Hacer lo que haya que hacer
República Dominicana tiene la obligación de tomar cuantas medidas entienda necesaria para evitar la propagación de las enfermedades que azotan a Haití, siendo ahora la más peligrosa el cólera que se expande de manera alarmante en el territorio de la vecina isla.
Las condiciones de hacinamiento y extrema pobreza en que vive una parte importante de la población haitiana la hace vulnerable a la presencia de enfermedades que se tienen como erradicadas en este país.
La propagación del cólera en territorio dominicano podría no tener tanto impacto en vida como en Haití, pues aquí hay mayores posibilidades de dar atención adecuada para reducir la tasa de mortandad.
Sin embargo, el impacto económico en República Dominicana sería mucho mayor ya que alejaría, indiscutiblemente, a una gran cantidad de turistas.
El Gobierno dominicano tiene que tomar las medidas necesarias pensando en la salud de los dominicanos y en la no afectación de nuestra economía.

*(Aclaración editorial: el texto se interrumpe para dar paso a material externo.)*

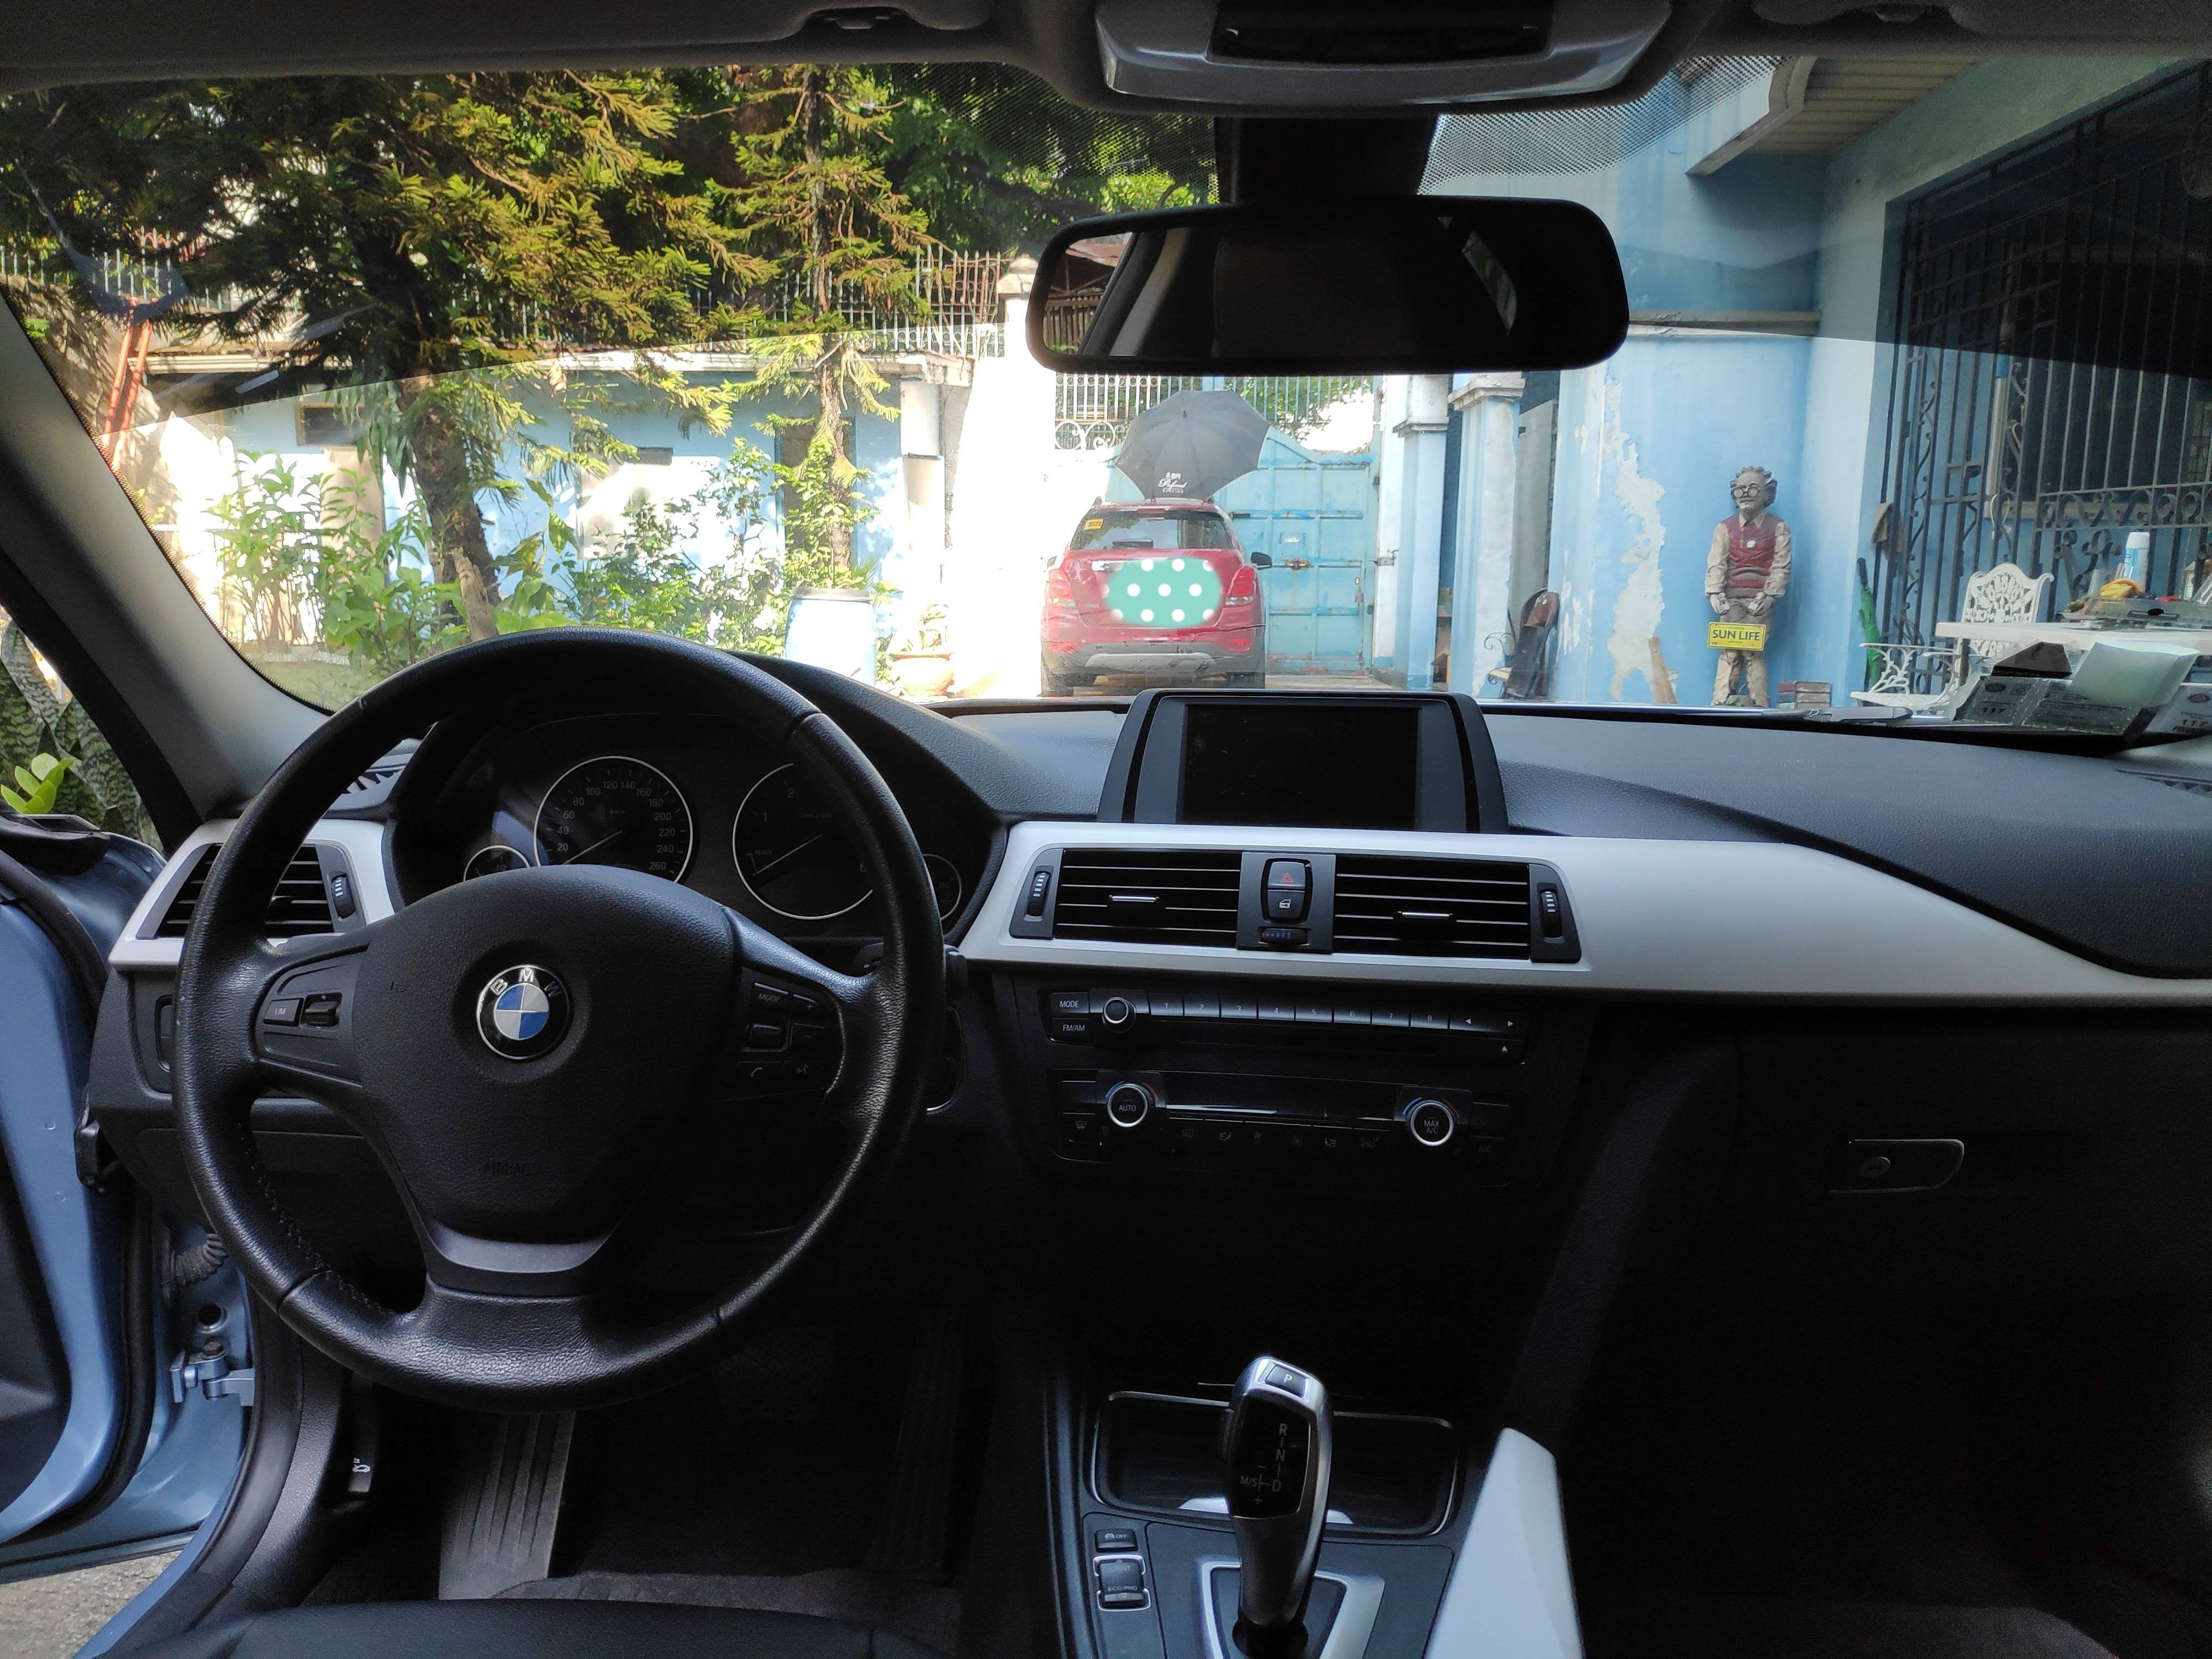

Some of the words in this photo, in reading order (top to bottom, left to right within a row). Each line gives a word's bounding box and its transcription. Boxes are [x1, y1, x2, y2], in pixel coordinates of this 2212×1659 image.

[1712, 629, 1736, 640] SUN
[1739, 630, 1760, 641] LIFE
[603, 781, 618, 789] 120
[621, 781, 636, 789] 140
[585, 787, 601, 796] 100
[636, 788, 651, 796] 160
[787, 788, 794, 799] 2
[573, 797, 584, 806] 80
[648, 798, 664, 807] 180
[563, 810, 574, 819] 60
[654, 812, 672, 821] 200
[763, 812, 768, 823] 1
[557, 826, 569, 835] 40
[658, 828, 676, 837] 220
[557, 843, 568, 851] 20
[657, 845, 674, 853] 240
[649, 861, 667, 870] 260
[859, 863, 866, 873] 6
[490, 967, 563, 997] BMW
[759, 993, 781, 1003] MODE
[1284, 1374, 1293, 1383] P
[1279, 1423, 1288, 1436] R
[1276, 1448, 1285, 1462] N
[1240, 1475, 1257, 1487] M/S
[1272, 1479, 1282, 1492] D
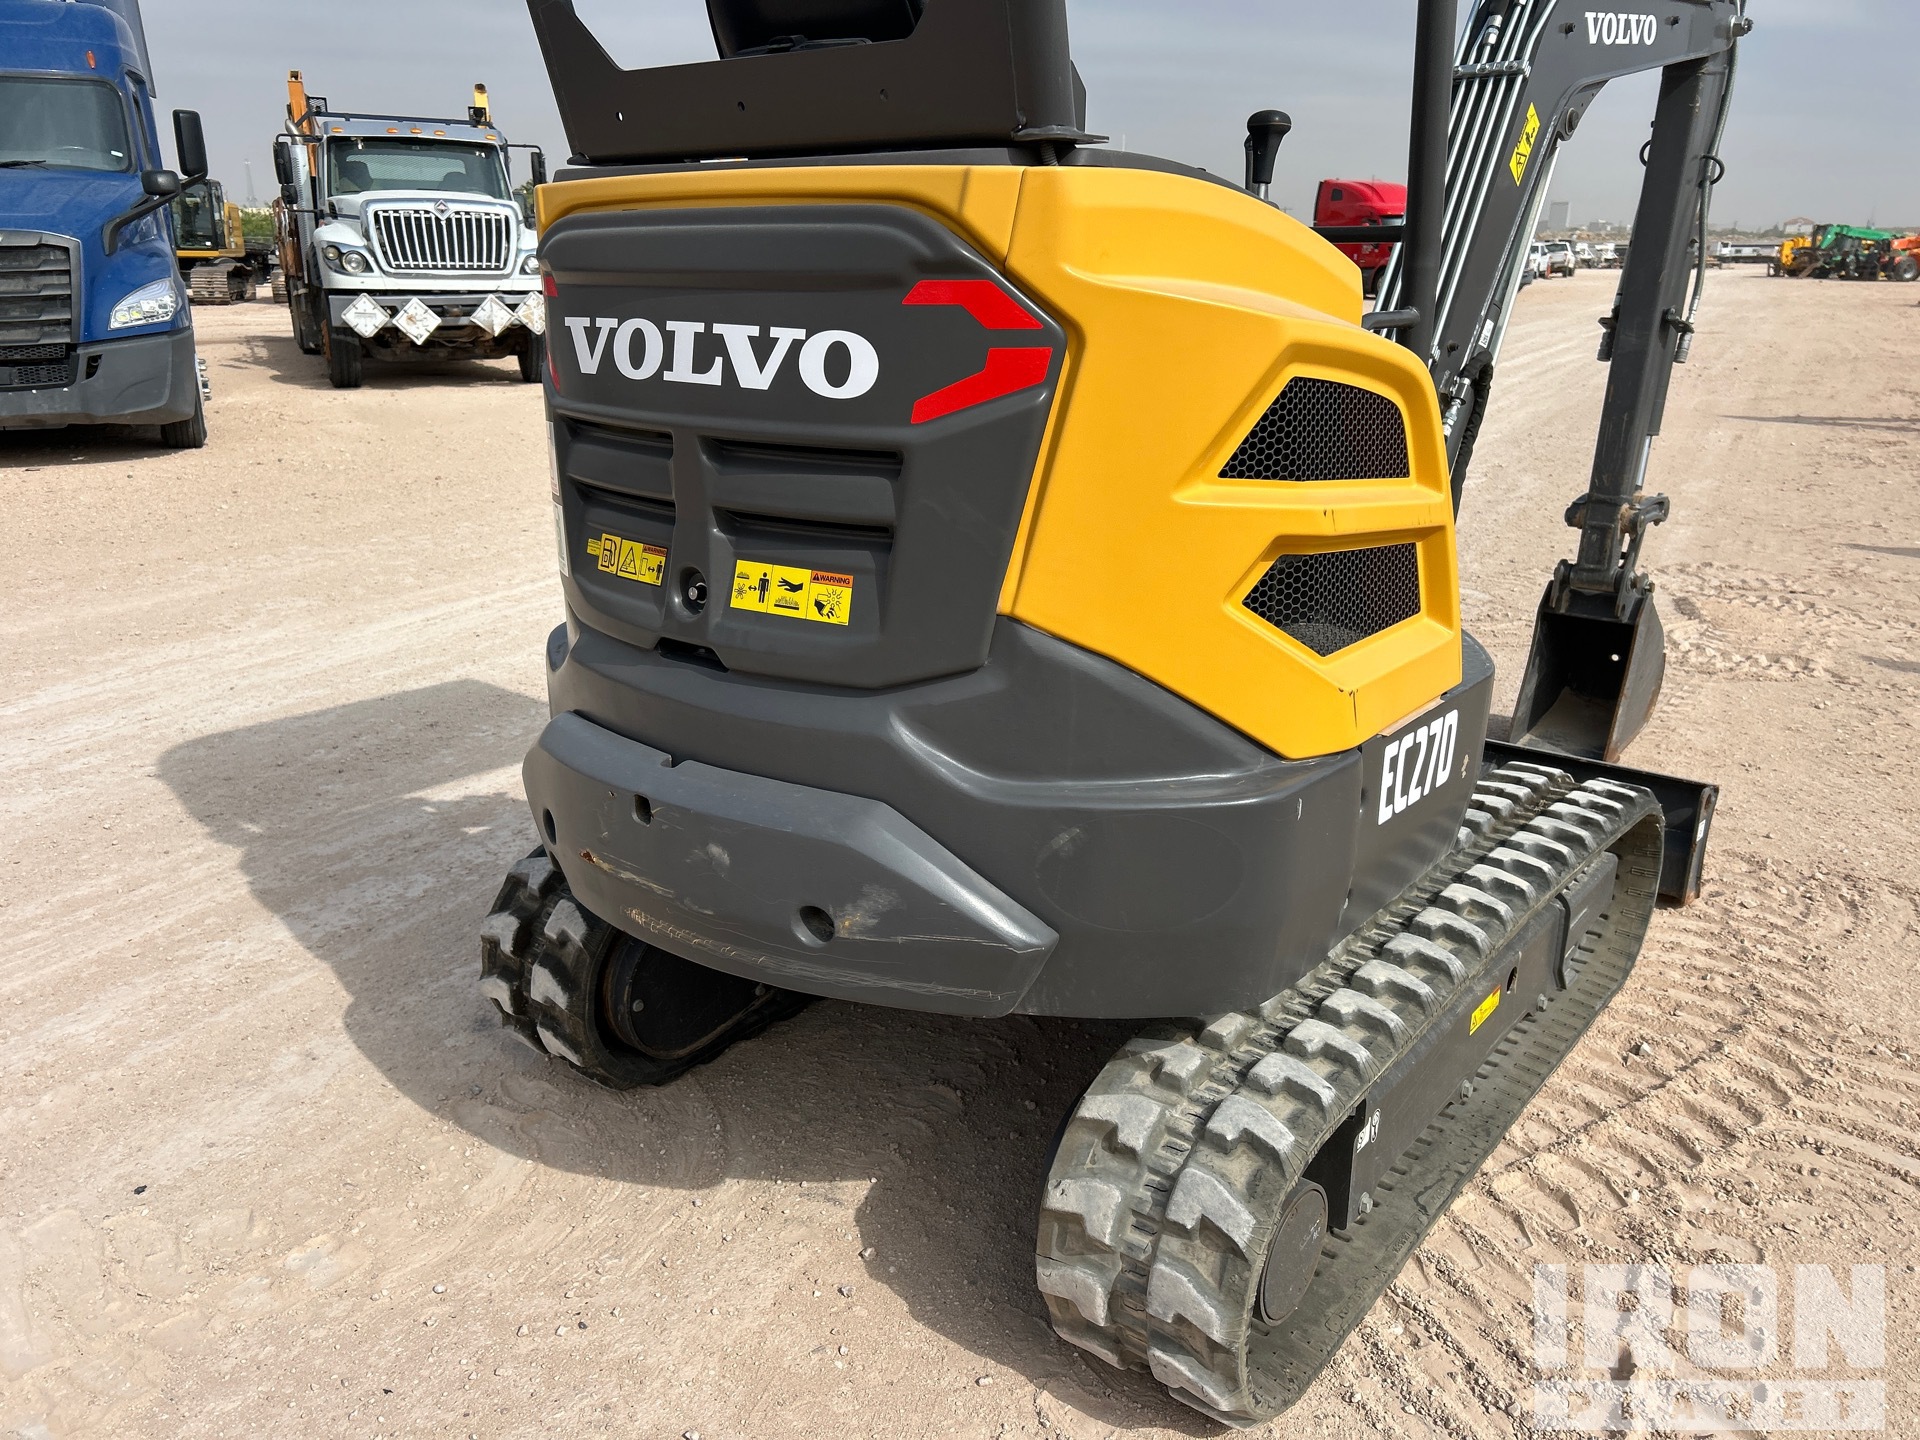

Tradicionalmente el miedo ha tenido gran incidencia a la hora de diseñar las políticas nacionales con relación a Haití. El país no puede estar a expensa del qué dirán sin importar las consecuencias.
Si es necesario una especie de muro epidemiológico en la frontera hay que implementarlo con el respaldo de todas las instituciones públicas y privadas para evitar que el cólera llegue y se propague en nuestro territorio.
Podríamos, por ejemplo, copiar de los haitianos que cuando se detectó la fiebre aviar en territorio dominicano simplemente prohibieron la entrada a su territorio de pollos y huevos procedentes de República Dominicana. Hicieron bien porque su obligación era impedir que a ellos les llegara ese virus.
Si hay que cerrar la frontera temporalmente, que se cierre. Si hay que suspender temporalmente los mercados fronterizos, que se suspendan y si hay que instalar consultorios en los pasos fronterizos, que se instalen.